Task prompt: Repeat each entry as written, dropping any picture you find.

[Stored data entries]
= = = =

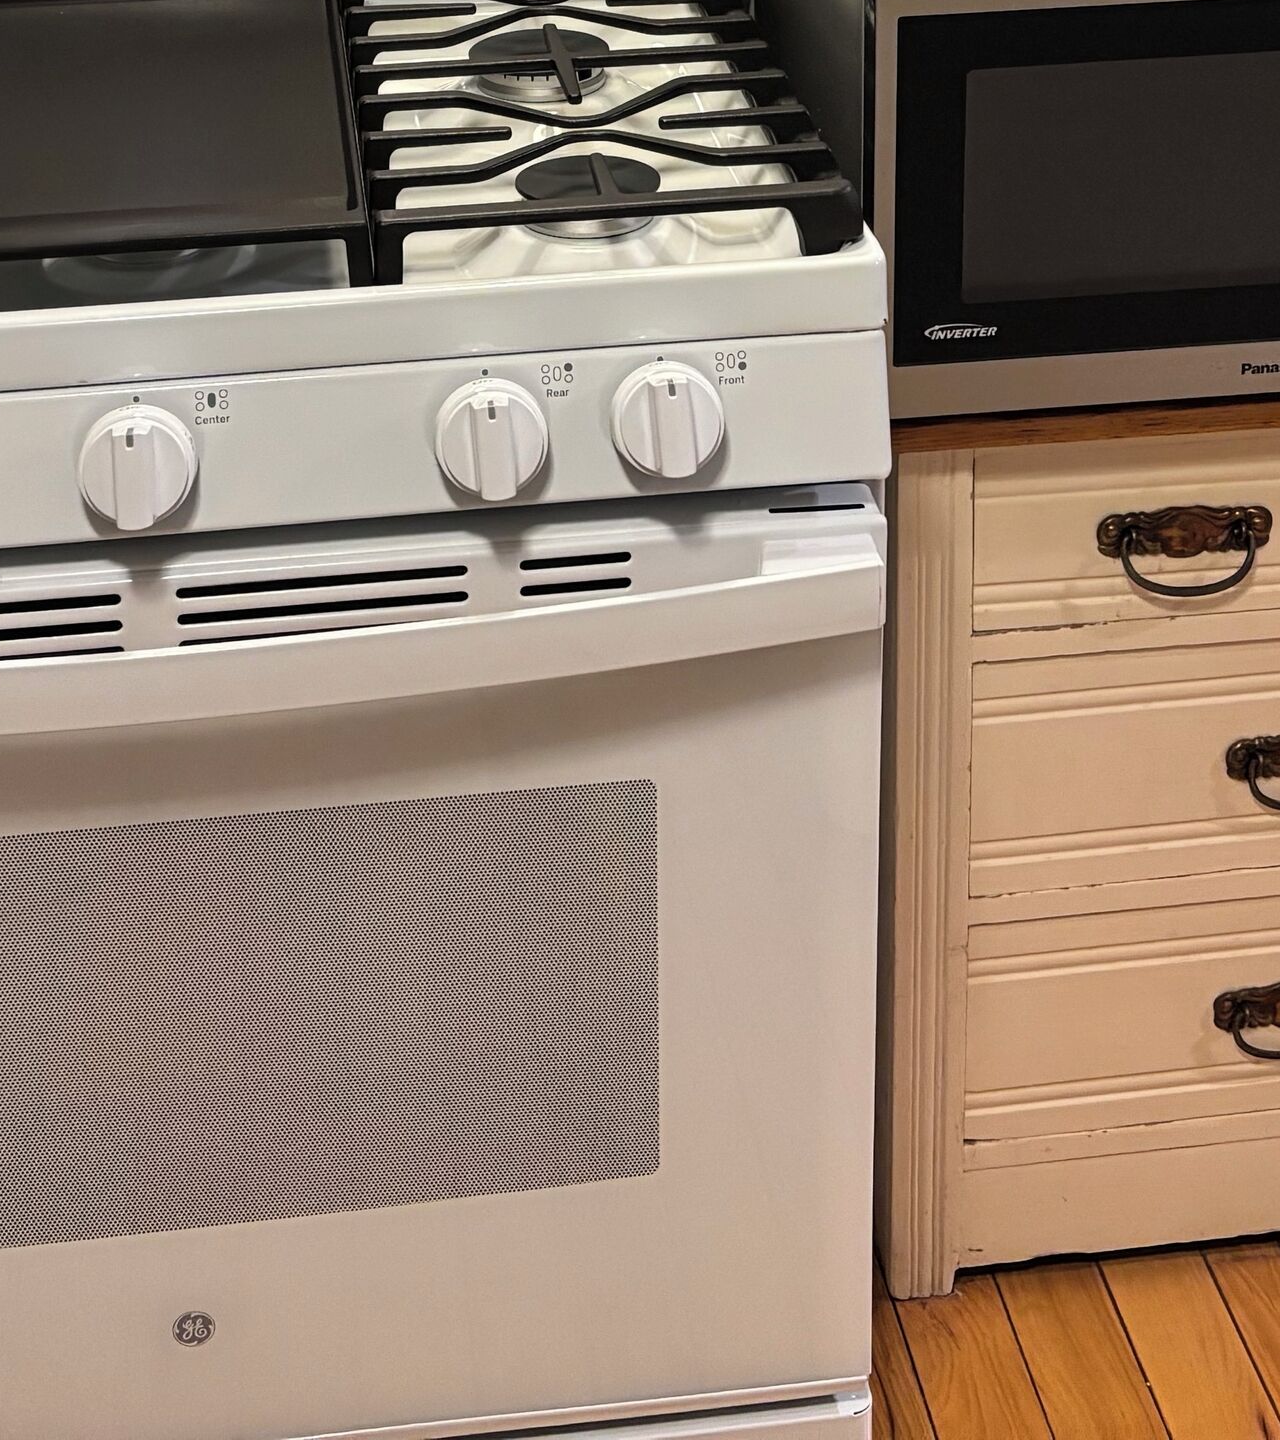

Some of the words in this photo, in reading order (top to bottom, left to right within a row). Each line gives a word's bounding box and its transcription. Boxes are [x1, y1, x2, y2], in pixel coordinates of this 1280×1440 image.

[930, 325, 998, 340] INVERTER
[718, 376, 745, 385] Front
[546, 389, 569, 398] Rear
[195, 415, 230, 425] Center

= = = =

Task response:
Some of the words in this photo, in reading order (top to bottom, left to right within a row). Each line gives a word's bounding box and its transcription. Boxes are [x1, y1, x2, y2], in pixel coordinates of this 1280×1440 image.

[930, 325, 998, 340] INVERTER
[718, 376, 745, 385] Front
[546, 389, 569, 398] Rear
[195, 415, 230, 425] Center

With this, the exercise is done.